I don’t read a lot of military fiction. The Things They Carried by Tim O’Brien will forever occupy a space on my bookshelf, but I feel like few people who become good soldiers are predisposed to being good writers. The mindsets would seem to be contradictory (independent thought versus collective thought, you get me), which isn’t to say there aren’t good military fiction writers, just that I think they’re rare.
I think Benjamin Inks is something of a rarity, and I think there’s an important distinction to be made with regard to his debut book, Soft Targets: this isn’t a collection of stories about soldiers so much as it’s a collection of stories about people who are soldiers. Similarly, Inks is a veteran, but I think it’s important to know he’s a writer who’s also a veteran. These stories demonstrate, while he was serving in the military, he was observing his world with the depth of perception and thought of a writer in conflict.
I think comparisons to Tim O’Brien are fair. Inks isn’t writing about the nature of war so much as he’s writing about the nature of living with it, all aspects of the before, during, and after. This is a book of stories about people and how war affects us, and the stories are told by someone who knows that effect intimately.

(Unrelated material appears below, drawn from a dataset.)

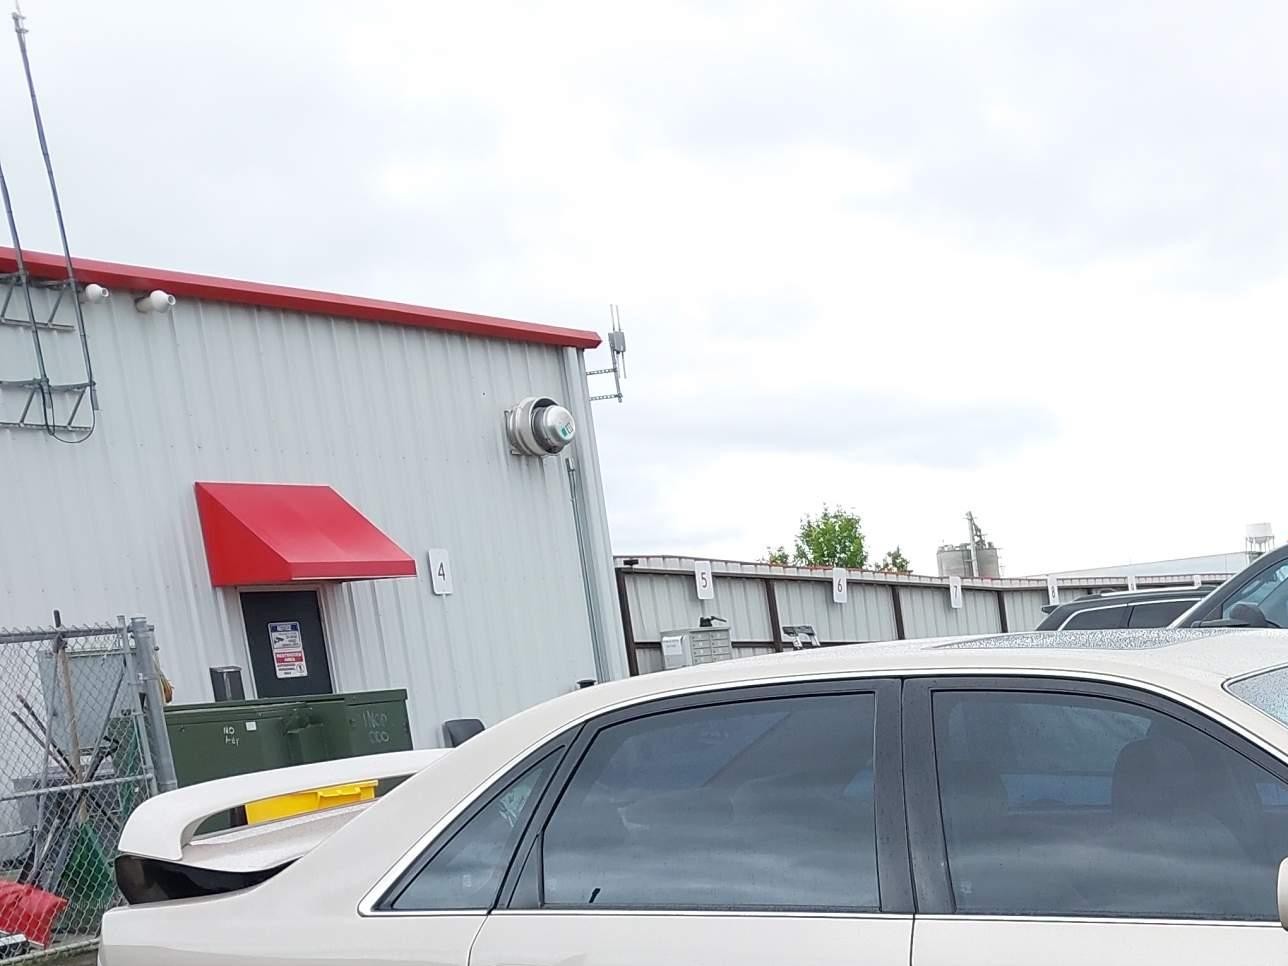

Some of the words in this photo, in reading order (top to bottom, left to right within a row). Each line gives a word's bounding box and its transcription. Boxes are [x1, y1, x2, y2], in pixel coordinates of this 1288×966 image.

I found many of these stories deeply affecting. “Learning to Be You” is maybe the best piece of literature I’ve read this year, and “Love in the Time of Combat Injuries” is as close as you can get to a romantic comedy in a veteran’s hospital while maintaining authenticity.
Authenticity is important, too. These are stories by a veteran who not only lived the life of the soldier but lives it still. Its authenticity is evident in the book’s every pore and unmistakable in its inspiration; these stories are unlike any you’re likely to read elsewhere because the experiences they’re based on are unique and lived.
Furthermore, Inks calls into question the very idea of “veteran,” not to disrespect the title but to lift it up. Inks ponders whether “soldier” is something someone becomes or if it’s something they’ve always been and always will be. He explores what that means in scale, from the very intimate to the societal and cultural to the cosmic.
There are a lot of deep, heavy thoughts in this book, and I think its physical size betrays its material weight. At the same time, stories like “Jack Fleming Lives!” and “American Nesting Dolls” offer some levity while exploring the nature of storytelling in regards to the stories soldiers tell themselves. Are they even true? Or do they obscure the truth for the sake of coping? Is there truth in the obscurity itself? I think Tim O’Brien would have a lot to say about that.
If you’re looking for some military fiction that will provoke deep thoughts and move your humanity in ways you are either craving (even if you aren’t a soldier) or have never actually experienced (especially if you’re not a soldier), Soft Targets is a good bet. For my money, Soft Targets gives me such a humanizing and normalizing view of soldiers that we so rarely get. We see them without their weapons and body armor. We see them, and we connect with them, and we feel for them, and we love them for who, not what, they are.